Torture. Lying to the public. War mongering. War profitteering. Now slave labor. What law will the Bushies NOT break?
American managers and specialists involved with the project began protesting about the living and working conditions of lower-paid workers sequestered and largely unseen behind security walls bordering the embassy project inside the US-controlled Green Zone.
The Americans protested that construction crews lived in crowded quarters; ate sub-standard food; and had little medical care. When drinking water was scarce in the blistering heat, coolers were filled on the banks of the Tigris, a river rife with waterborne disease, sewage and sometimes floating bodies, they said. Others questioned why First Kuwaiti held the passports of workers. Was it to keep them from escaping? Some laborers had turned up “missing” with little investigation. Another American said laborers told him they were been misled in their job location. When recruited, they were unaware they were heading for war-torn Iraq.
Of course, Howard J. Krongard, the State Department’s inspector general, “Looked into it” and found no wrong doing. One labor foreman at the embassy site who recently read Krongard’s review called it “bull shit.”
Right now Civil Rights lawyers are looking into the matter. It looks like workers from the Philippines and from Nepal are being ticketed to go to one Gulf Arab state and then flown to Iraq. It also turns out that before Krongard visited the facilities, they were cleaned ahead of time to hide the abuse. So people were promised employment only to find their passport locked up by guards and working conditions horrid.

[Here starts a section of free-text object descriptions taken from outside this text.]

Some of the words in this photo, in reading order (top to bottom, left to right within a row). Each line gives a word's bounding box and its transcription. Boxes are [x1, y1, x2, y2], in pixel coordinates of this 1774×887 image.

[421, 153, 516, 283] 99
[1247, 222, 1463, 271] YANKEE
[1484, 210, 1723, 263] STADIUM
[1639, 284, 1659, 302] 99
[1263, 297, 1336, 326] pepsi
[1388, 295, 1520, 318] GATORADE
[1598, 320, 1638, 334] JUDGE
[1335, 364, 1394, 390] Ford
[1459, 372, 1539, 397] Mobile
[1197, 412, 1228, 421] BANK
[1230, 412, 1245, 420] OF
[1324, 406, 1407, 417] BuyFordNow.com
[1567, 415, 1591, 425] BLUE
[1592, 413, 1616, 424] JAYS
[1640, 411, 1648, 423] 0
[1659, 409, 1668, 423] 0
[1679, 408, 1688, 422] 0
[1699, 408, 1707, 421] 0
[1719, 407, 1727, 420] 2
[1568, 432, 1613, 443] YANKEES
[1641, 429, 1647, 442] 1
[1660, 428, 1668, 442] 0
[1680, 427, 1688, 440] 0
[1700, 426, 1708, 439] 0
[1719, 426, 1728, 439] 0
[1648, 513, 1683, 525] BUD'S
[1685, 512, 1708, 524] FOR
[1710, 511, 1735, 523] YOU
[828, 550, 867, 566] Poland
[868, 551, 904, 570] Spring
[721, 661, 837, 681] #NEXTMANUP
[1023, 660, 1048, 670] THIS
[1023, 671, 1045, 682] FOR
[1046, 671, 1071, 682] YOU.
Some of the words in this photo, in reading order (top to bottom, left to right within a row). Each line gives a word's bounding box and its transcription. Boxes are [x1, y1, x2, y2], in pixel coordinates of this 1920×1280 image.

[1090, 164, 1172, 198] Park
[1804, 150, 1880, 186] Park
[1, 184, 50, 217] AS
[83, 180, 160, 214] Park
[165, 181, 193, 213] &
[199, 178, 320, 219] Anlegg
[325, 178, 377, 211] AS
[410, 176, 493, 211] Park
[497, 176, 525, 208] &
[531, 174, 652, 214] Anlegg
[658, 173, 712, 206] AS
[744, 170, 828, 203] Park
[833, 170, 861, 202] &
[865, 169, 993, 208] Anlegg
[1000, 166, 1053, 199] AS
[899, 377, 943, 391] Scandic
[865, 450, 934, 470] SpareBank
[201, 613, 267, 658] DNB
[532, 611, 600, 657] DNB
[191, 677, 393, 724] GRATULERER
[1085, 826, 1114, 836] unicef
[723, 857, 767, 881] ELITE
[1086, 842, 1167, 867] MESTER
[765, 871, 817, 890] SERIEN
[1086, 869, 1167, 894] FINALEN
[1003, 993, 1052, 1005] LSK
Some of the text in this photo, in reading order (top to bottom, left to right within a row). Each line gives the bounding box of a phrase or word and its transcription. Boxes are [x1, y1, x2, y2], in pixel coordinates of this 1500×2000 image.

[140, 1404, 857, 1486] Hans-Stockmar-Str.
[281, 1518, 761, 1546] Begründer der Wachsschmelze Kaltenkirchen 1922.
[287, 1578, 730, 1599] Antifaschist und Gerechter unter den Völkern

Juvencio Lopez, a high-level project manager under the US State Department over the course of 2 years said they had foreign workers sleeping 20 to a trailer.
“There were strikes and sit-downs every month,” Lopez says. He left Iraq in November 2006 and is now home in San Antonio, Texas. “Sometimes there were almost riots.”…Lopez vividly recalls a First Kuwaiti security guard unholstering his 9mm handgun and walking among the squatting protestors telling them to get back to work. Had the guard fallen or workers tackled him to the ground, the gun might have gone off. Lopez said he immediately reported the incident to First Kuwaiti. “Someone could gotten killed or injured.”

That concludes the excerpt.